**What this task involves:** Restate the entries word for word and skip every image.

**Dataset:**
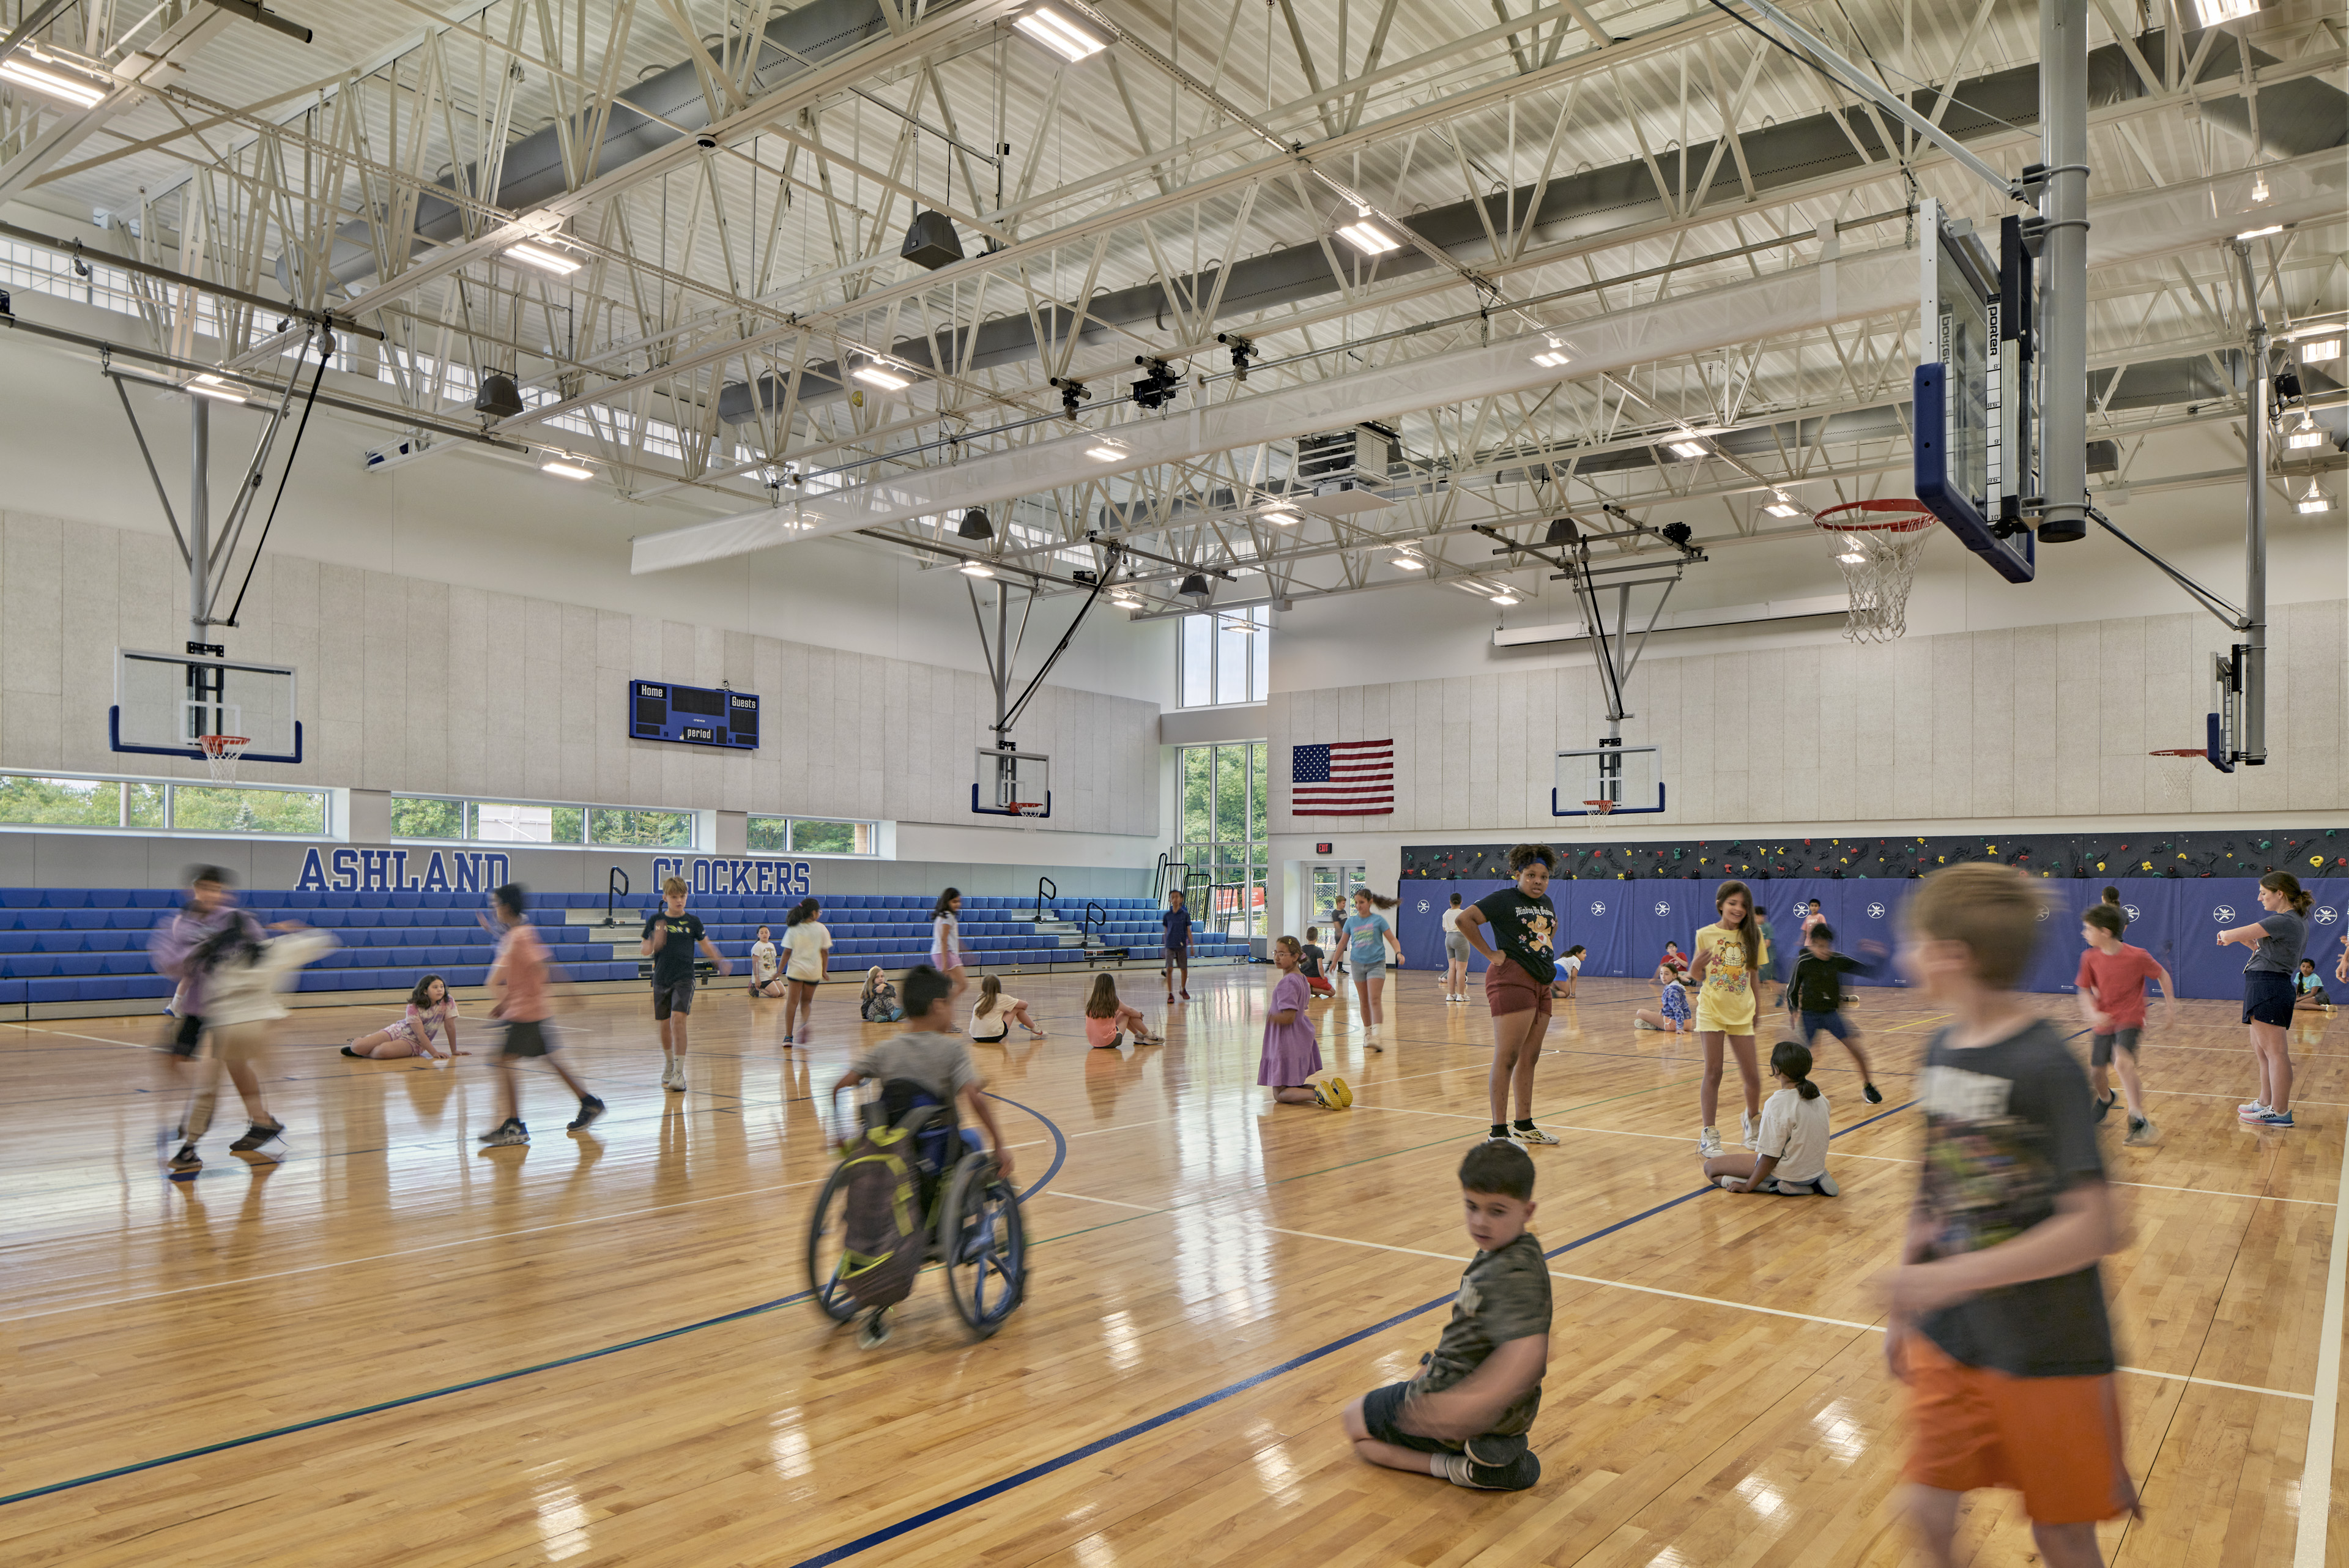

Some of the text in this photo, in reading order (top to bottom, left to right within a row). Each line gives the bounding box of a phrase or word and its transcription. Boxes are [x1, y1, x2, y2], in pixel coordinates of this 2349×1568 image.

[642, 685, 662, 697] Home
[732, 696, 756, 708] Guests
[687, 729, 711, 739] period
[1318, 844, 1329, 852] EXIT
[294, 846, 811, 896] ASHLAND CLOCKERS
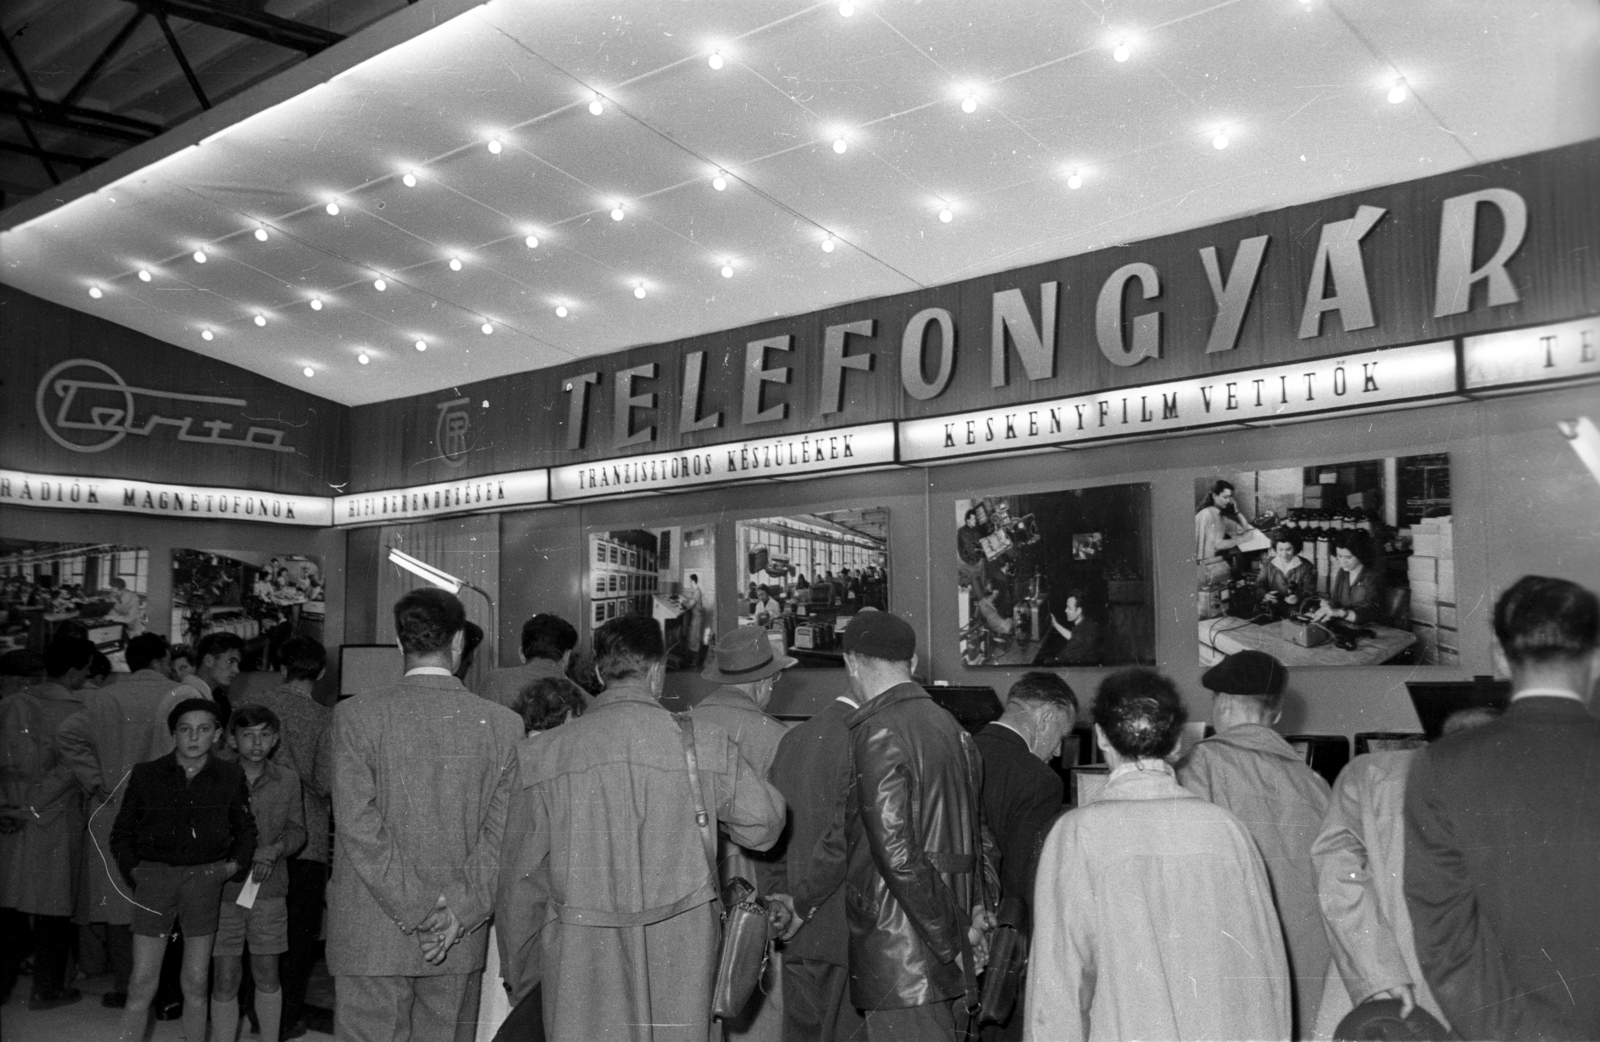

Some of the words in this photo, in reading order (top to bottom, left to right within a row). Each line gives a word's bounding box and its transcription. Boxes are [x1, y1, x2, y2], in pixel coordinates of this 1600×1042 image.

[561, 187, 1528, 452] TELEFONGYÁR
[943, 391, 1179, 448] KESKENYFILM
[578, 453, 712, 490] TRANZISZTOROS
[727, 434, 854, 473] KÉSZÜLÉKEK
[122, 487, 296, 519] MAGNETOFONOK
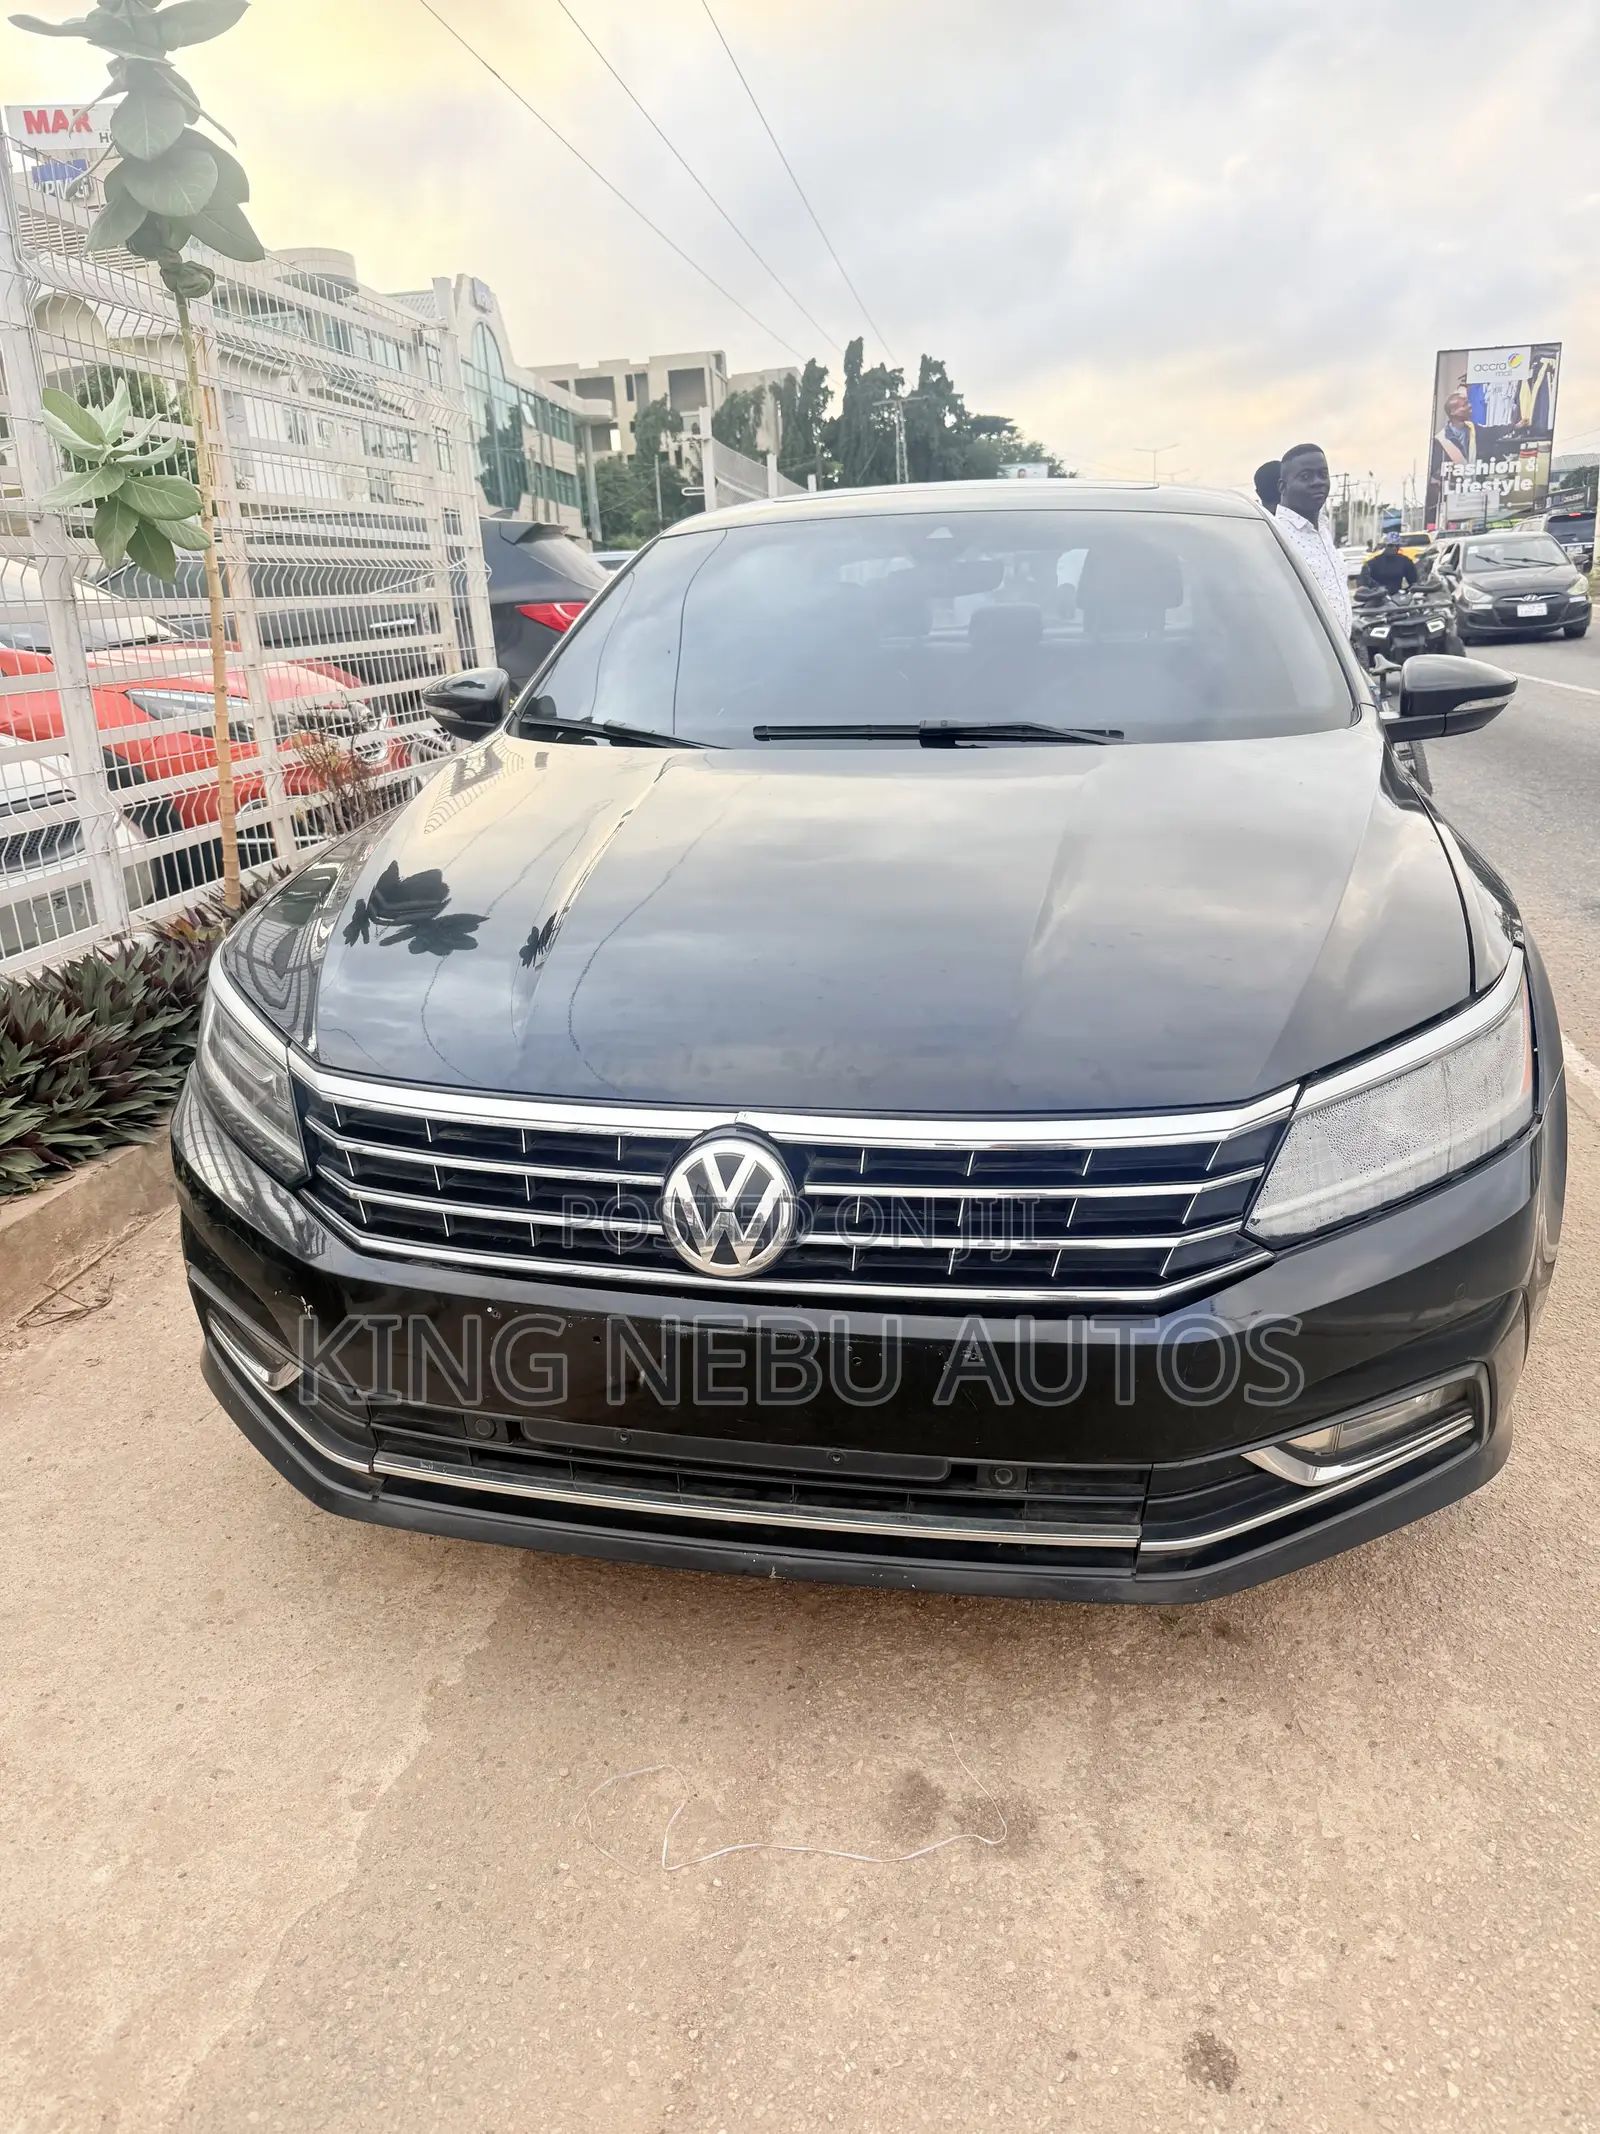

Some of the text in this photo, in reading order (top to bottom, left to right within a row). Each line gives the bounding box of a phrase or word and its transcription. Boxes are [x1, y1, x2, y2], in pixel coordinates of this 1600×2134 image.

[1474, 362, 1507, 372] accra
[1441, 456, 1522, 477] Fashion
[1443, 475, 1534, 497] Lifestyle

**Task solution:**
Some of the text in this photo, in reading order (top to bottom, left to right within a row). Each line gives the bounding box of a phrase or word and its transcription. Boxes are [x1, y1, x2, y2], in pixel coordinates of this 2349×1568 image.

[642, 685, 662, 697] Home
[732, 696, 756, 708] Guests
[687, 729, 711, 739] period
[1318, 844, 1329, 852] EXIT
[294, 846, 811, 896] ASHLAND CLOCKERS

Some of the words in this photo, in reading order (top to bottom, left to right within a row). Each line gives a word's bounding box and its transcription. Boxes are [x1, y1, x2, y2], in pixel coordinates of this 1600×1042 image.

[561, 187, 1528, 452] TELEFONGYÁR
[943, 391, 1179, 448] KESKENYFILM
[578, 453, 712, 490] TRANZISZTOROS
[727, 434, 854, 473] KÉSZÜLÉKEK
[122, 487, 296, 519] MAGNETOFONOK

Some of the text in this photo, in reading order (top to bottom, left to right within a row). Each line gives the bounding box of a phrase or word and its transcription. Boxes are [x1, y1, x2, y2], in pixel coordinates of this 1600×2134 image.

[1474, 362, 1507, 372] accra
[1441, 456, 1522, 477] Fashion
[1443, 475, 1534, 497] Lifestyle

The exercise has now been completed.